Parecer

Cuba: la disputa entre la inclusión y el racismo

Por: Jaime Bruno

De vez en cuando escucho en conversaciones amistosas hablar sobre las bonanzas y maravillas de la “Cuba de antaño”, una historia republicana de carácter nostálgico y en la cual nunca puntualizamos las injusticias sociales de aquel entonces, y que pude apreciar en el documental: “1912 voces para un silencio”, sobre la casi desconocida vida del único partido por la igualdad de razas que fuera legalizado en la isla.

Actualmente existe una lucha entre el racismo contra los ciudadanos cubanos de la raza negra o mulatos y la inclusión. Cuba, la isla fascinante, alcanzó sus máximos niveles de igualdad social hace tres décadas. La realidad económica después de la caída del muro de Berlín en 1989 es distinta y esto ha generado una serie de costumbres y prácticas laborales discriminatorias que antes no existían, pero que ahora deben ser enfrentadas.

Actual y cotidianamente una práctica común: turistas en compañía de afrocubanos, quieren divertirse en uno de los diferentes clubes de La Habana: “pasen ustedes, ellos no pueden pasar, el club se reserva el derecho”, les dice el seguridad. Los turistas se quejan al ver la acción discriminatoria, aun así los ciudadanos cubanos no logran pasar.

Casos similares se muestran en el ensayo “Revolución 60”, donde se expone que las prácticas laborales privadas son abiertamente racistas y sexistas, como quedó ilustrado en un anuncio a través del cual un joven graduado en finanzas obtuvo un empleo: “se solicita personal calificado con experiencia: dependientes (damas, trigueñas o rubias de buena figura y con idiomas) y para un empleo de seguridad  y protección: (hombre fuerte de color).

Con estas aperturas de inversiones privadas la población ahora busca mejores empleos ya que el salario mensual que devengan trabajando en el Estado no alcanza para mucho, pero para el sector empleador privado no vale mucho la preparación académica, sino los atributos físicos de la persona: la fuerza bruta es para el negro, y las finanzas son cosas de blancos.

El liderazgo cubano ha sido criticado por lo cerrado que es la cúpula de poder, pero el Estado trabajó y funcionó con bujías de igualdad, salarios legalmente regulados que aplican muy bien a todos por igual, independencia de género y de color de piel o simplemente el origen socioeconómico. Todo esto fue el producto de varias décadas de política sociales a favor de la igualdad.

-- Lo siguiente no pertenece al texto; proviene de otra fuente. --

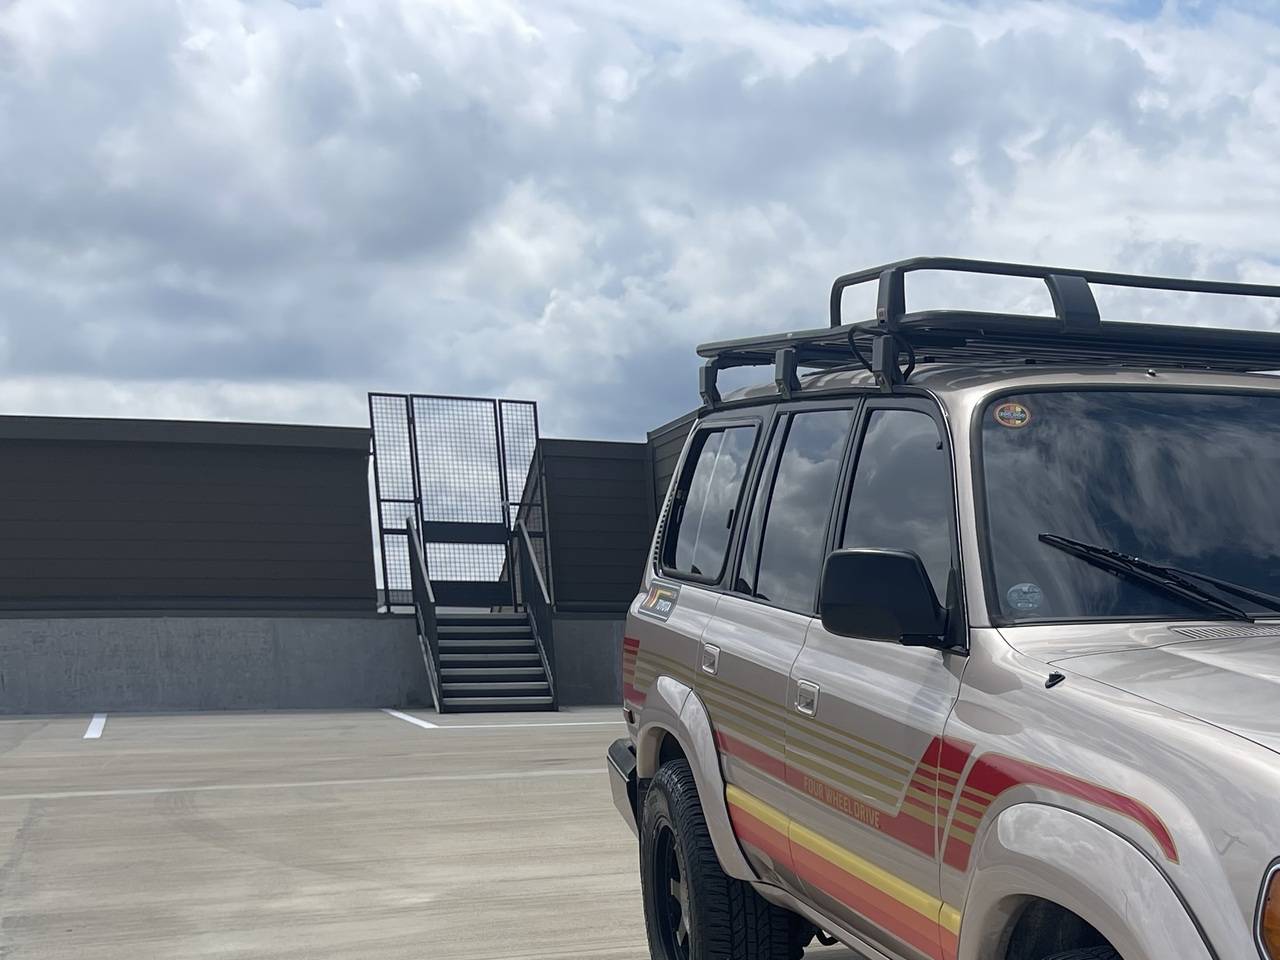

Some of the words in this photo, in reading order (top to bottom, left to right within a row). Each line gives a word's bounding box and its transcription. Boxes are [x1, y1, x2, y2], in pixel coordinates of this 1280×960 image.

[803, 776, 824, 801] FOUR
[824, 785, 853, 816] WHEEL
[853, 801, 881, 829] DRIVE
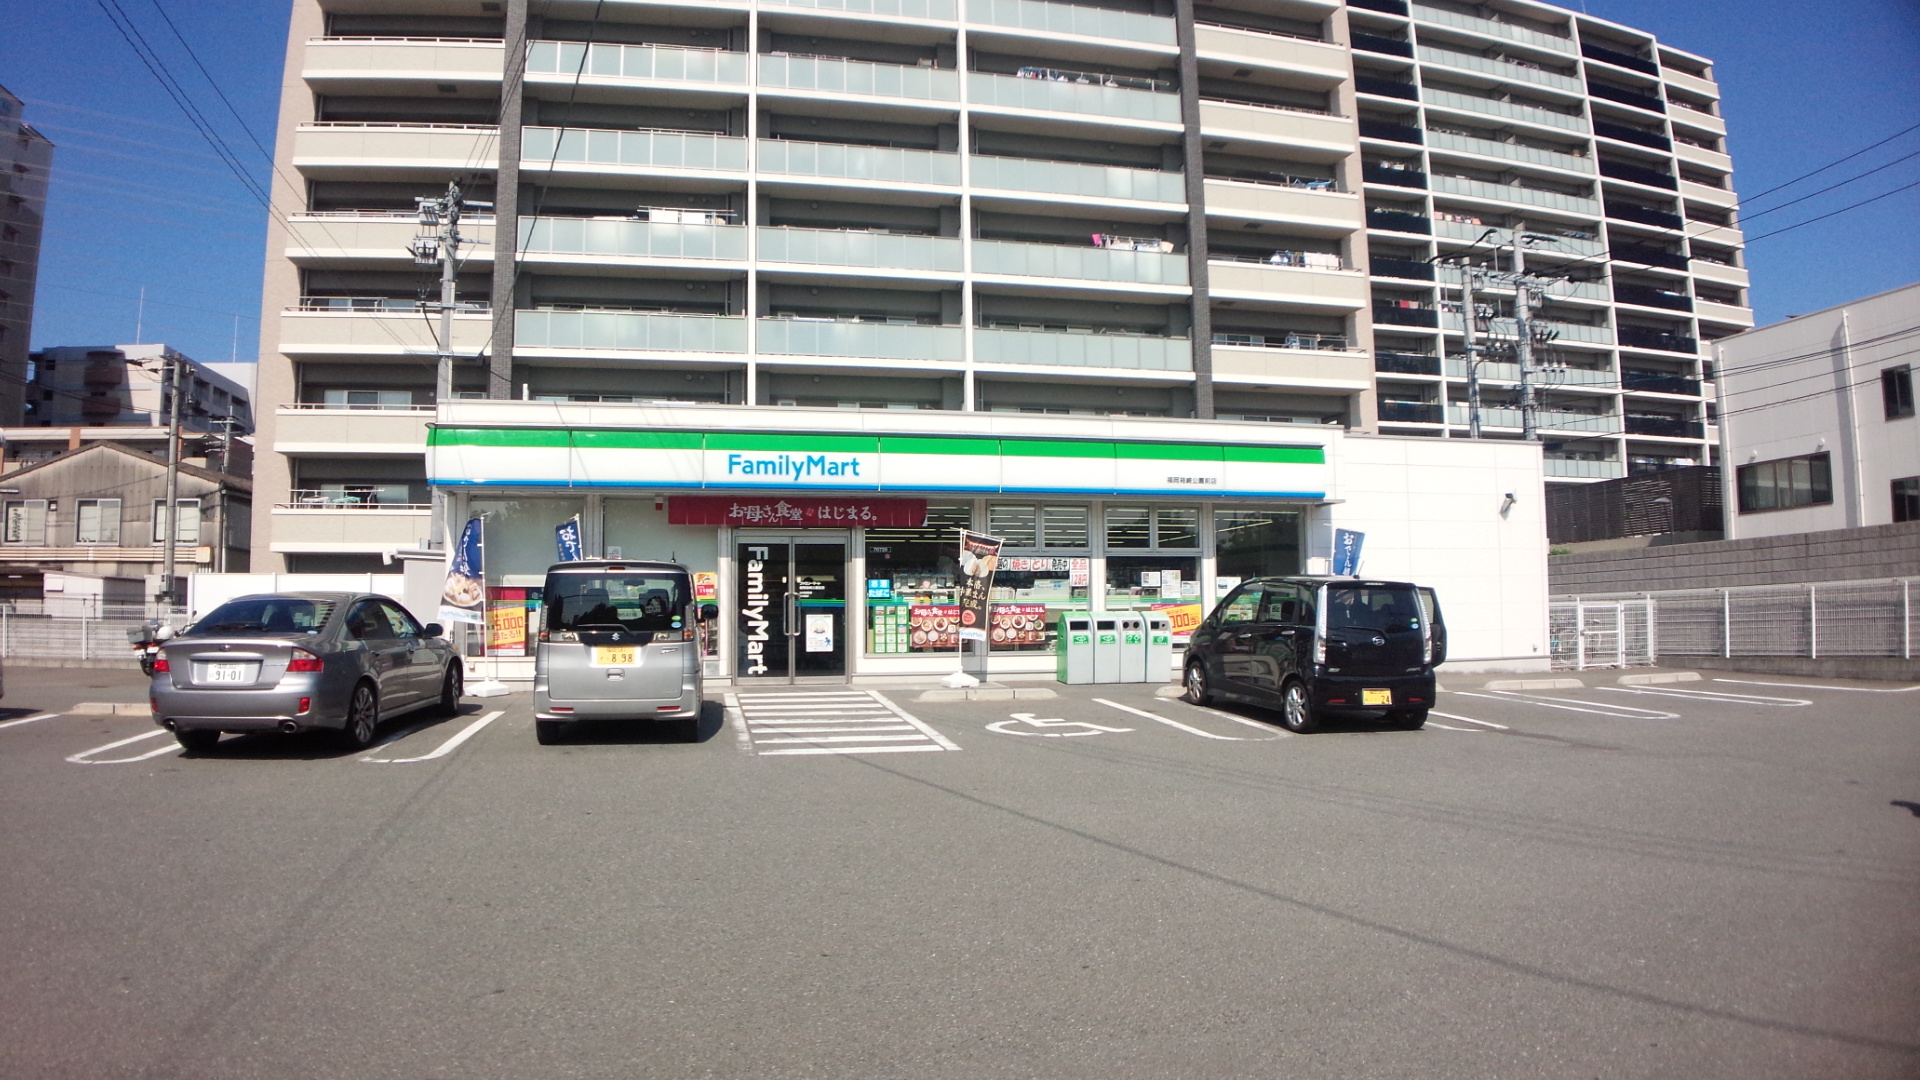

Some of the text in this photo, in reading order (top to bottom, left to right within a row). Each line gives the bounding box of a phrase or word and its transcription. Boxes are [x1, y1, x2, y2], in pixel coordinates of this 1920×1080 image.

[728, 454, 860, 481] FamilyMart
[729, 500, 878, 523] お母さん食堂 はじまる。
[1071, 559, 1087, 570] 全品
[741, 546, 769, 675] FamilyMart
[215, 670, 242, 681] 91-01

Sabemos que en 1959 el comandante Fidel Castro hizo un llamado en contra de “la discriminación racial” especialmente en el terreno laboral. Su sueño de distribución igualitaria en áreas como la educación y el empleo terminarían por derrotar el racismo. Para Fidel, el racismo era un subproducto de las capas clasistas de la sociedad, y que las mismas desaparecerían con el tiempo.

De manera que podemos decir que el experimento cubano es digno de estudiarse, analizar el impacto de las políticas universales sobre el racismo, la segregación y la desigualdad racial. ¿Cómo explicar actualmente la creación de un creciente sector privado que utiliza prácticas discriminatorias cuando hace apenas tres décadas reinaba una política pública de igualdad?, ¿han sido abandonadas las políticas de igualdad e inclusión que guiaron a la revolución cubana?.

Independientemente del color de la piel, actualmente muchas de las políticas sociales del Estado cubano siguen beneficiando a amplios sectores de la población, pero, lamentablemente, no han logrado acabar con la segregación y el racismo. Actualmente la pugna entre la inclusión y el racismo continúan en Cuba.